■ **AIM OF THE TASK**
Where an entry below contains an image, skip the image and copy the rest exactly.

■ **Items listed in a dataset**
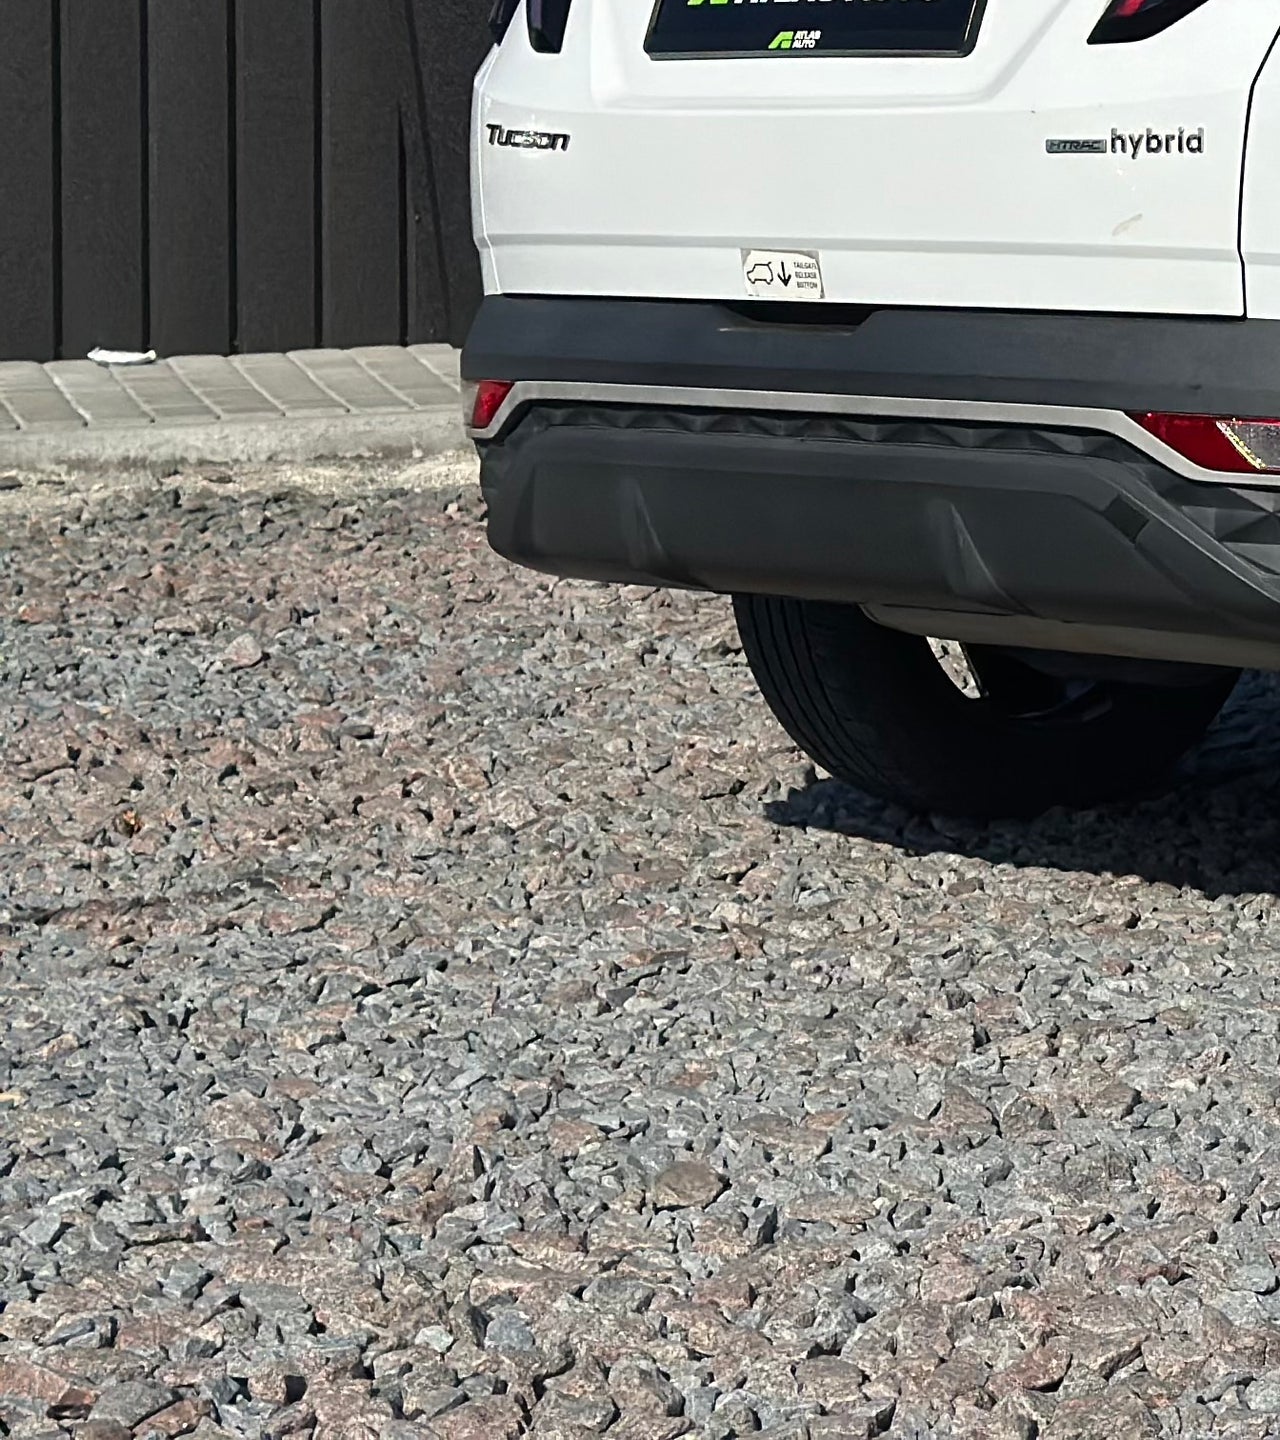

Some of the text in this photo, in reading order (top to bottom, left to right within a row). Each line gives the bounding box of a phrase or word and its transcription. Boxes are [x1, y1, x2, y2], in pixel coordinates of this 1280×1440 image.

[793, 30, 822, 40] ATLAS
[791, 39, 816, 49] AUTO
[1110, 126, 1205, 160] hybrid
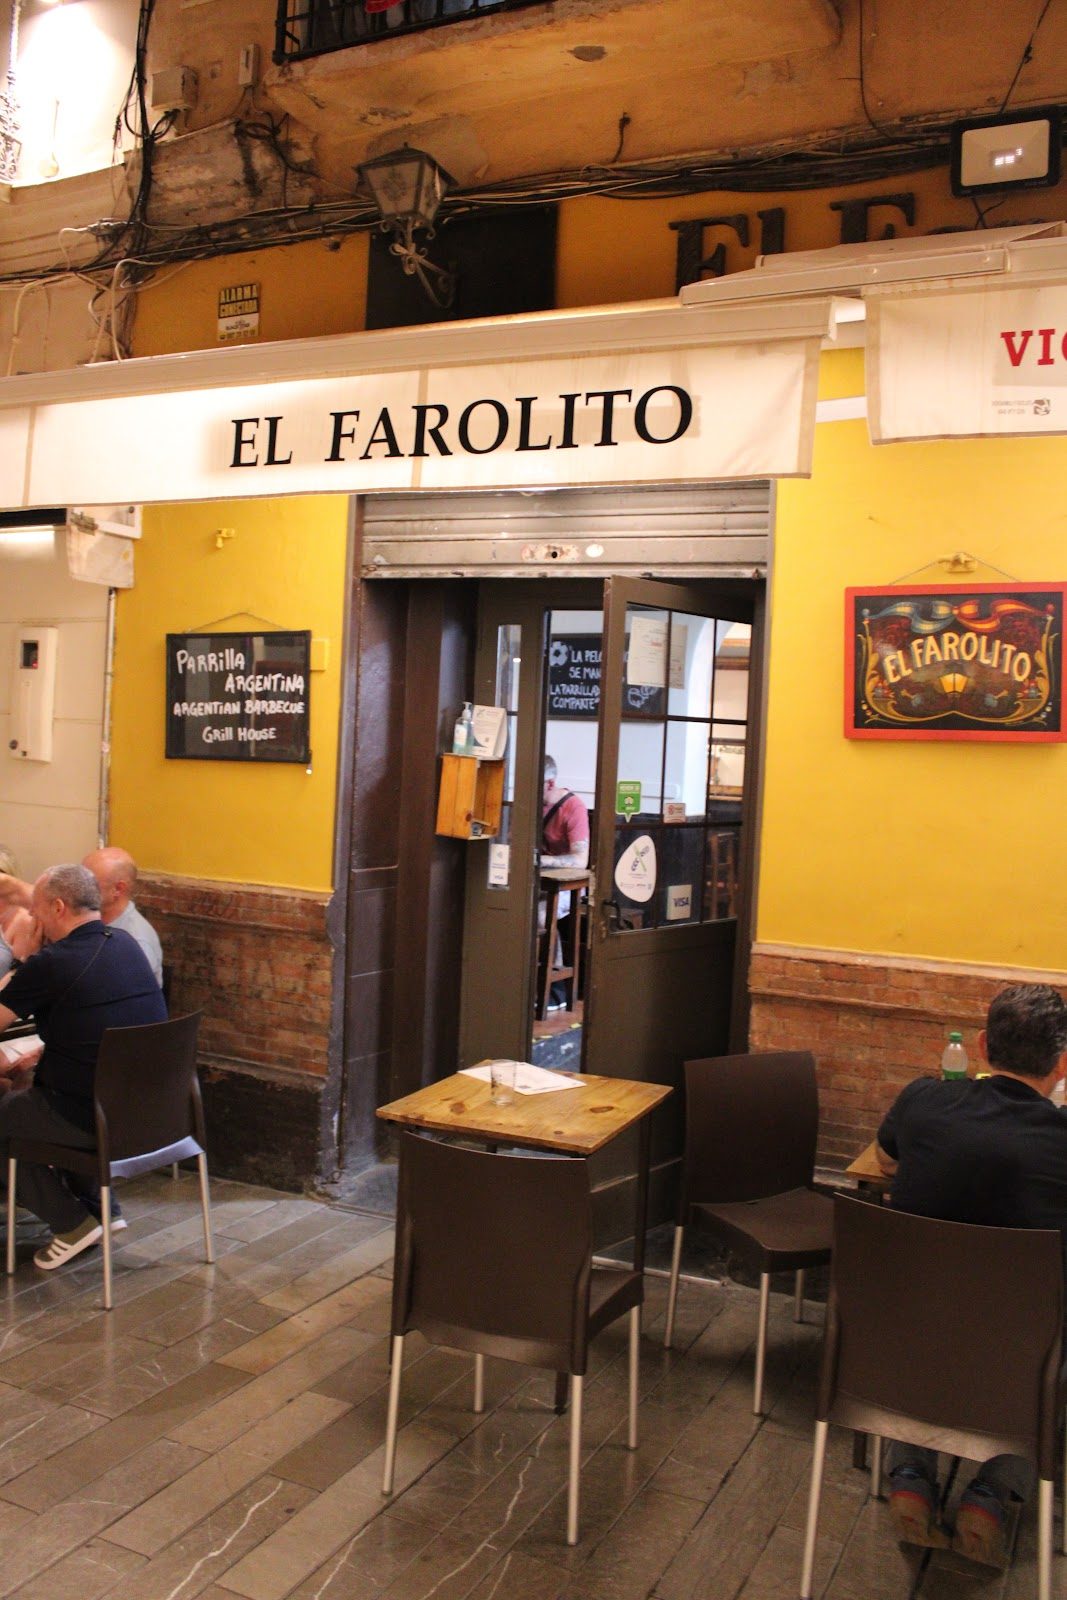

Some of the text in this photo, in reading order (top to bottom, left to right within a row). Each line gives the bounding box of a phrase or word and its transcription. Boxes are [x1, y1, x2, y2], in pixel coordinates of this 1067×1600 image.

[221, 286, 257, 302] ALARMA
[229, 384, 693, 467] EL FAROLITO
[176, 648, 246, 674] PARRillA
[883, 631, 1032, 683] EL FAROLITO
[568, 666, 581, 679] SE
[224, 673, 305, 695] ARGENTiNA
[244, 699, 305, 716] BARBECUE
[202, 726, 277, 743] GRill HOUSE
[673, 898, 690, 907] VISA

■ **RESPONSE TO THE EXERCISE**
Some of the text in this photo, in reading order (top to bottom, left to right within a row). Each line gives the bounding box of a phrase or word and its transcription. Boxes are [x1, y1, x2, y2], in pixel coordinates of this 1280×1440 image.

[793, 30, 822, 40] ATLAS
[791, 39, 816, 49] AUTO
[1110, 126, 1205, 160] hybrid

Some of the text in this photo, in reading order (top to bottom, left to right within a row). Each line gives the bounding box of a phrase or word and its transcription. Boxes are [x1, y1, x2, y2], in pixel coordinates of this 1067×1600 image.

[221, 286, 257, 302] ALARMA
[229, 384, 693, 467] EL FAROLITO
[176, 648, 246, 674] PARRillA
[883, 631, 1032, 683] EL FAROLITO
[568, 666, 581, 679] SE
[224, 673, 305, 695] ARGENTiNA
[244, 699, 305, 716] BARBECUE
[202, 726, 277, 743] GRill HOUSE
[673, 898, 690, 907] VISA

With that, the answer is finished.